Bacon Potato Hash
1/2 lb bacon (or more to taste)
2 Tablespoon Reserved Bacon Fat
1 Tablespoon Butter
2 Shallots, diced
2 medium Russet Potatoes, peeled and cut in half lengthwise
1/4 teaspoon dried thyme leaves
Kosher salt and Cracked black pepper, to taste
Cook about 1/2 to 3/4 of a pound of bacon and reserve about 2 Tablespoons of bacon fat, remove off of the heat and set aside.
Mean while heat the potato halves in a large pot of room temperature water and bring to a boil, then reduce to a simmer and cook for 10-12 minutes. Potatoes should still be a little firm and not mushy.

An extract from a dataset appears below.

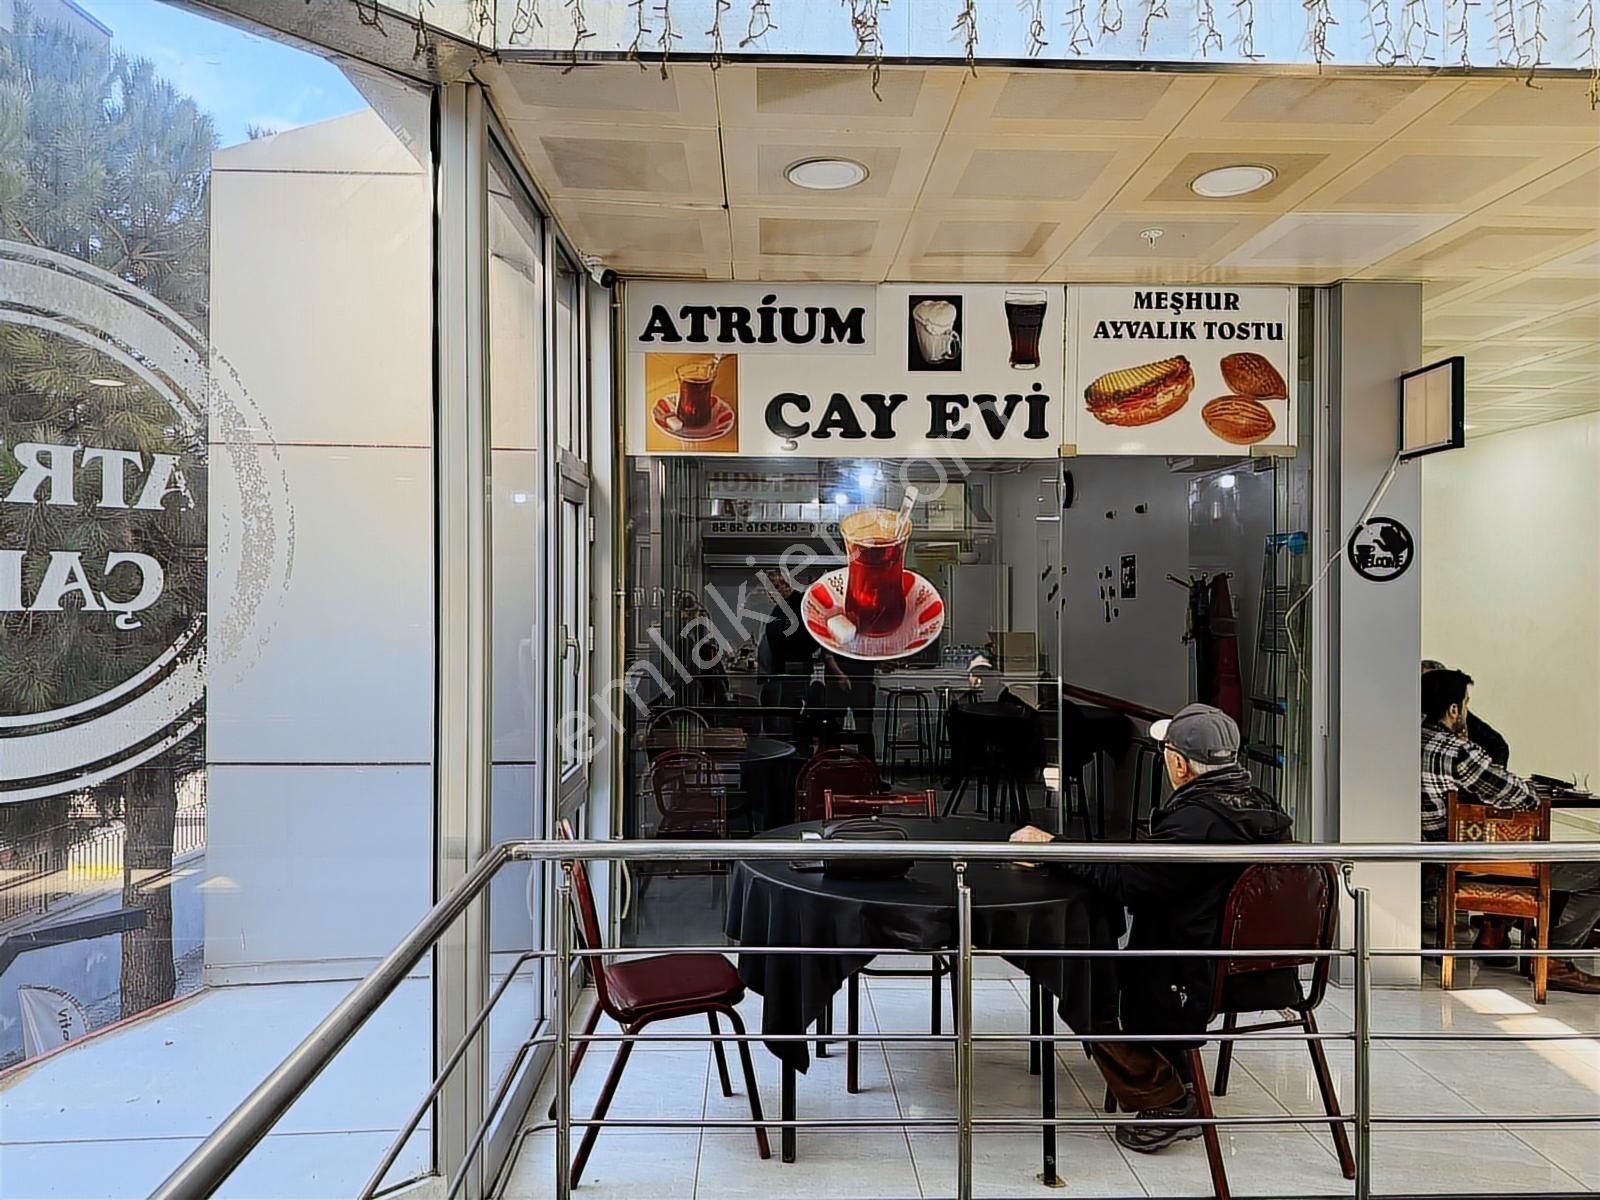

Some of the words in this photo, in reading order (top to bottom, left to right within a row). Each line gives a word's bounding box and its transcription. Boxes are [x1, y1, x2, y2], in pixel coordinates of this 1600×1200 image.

After the 10 minutes, drain into a colander and cool down with cold tap water.
Once cool enough to handle, cut into 1/2 in cubes
In a cast-iron skillet, reheat the bacon fat with 1 Tablespoon of butter between medium/medium-low heat. Saute the diced shallots for 5 minutes until soft.
Add the thyme, salt, pepper and potatoes.
Stir once and continue to cook the hash stirring occasionally for about 10-15 minutes or until potatoes are cooked all the way through.
Lastly add the crumbled bacon pieces to potato hash, toss and serve.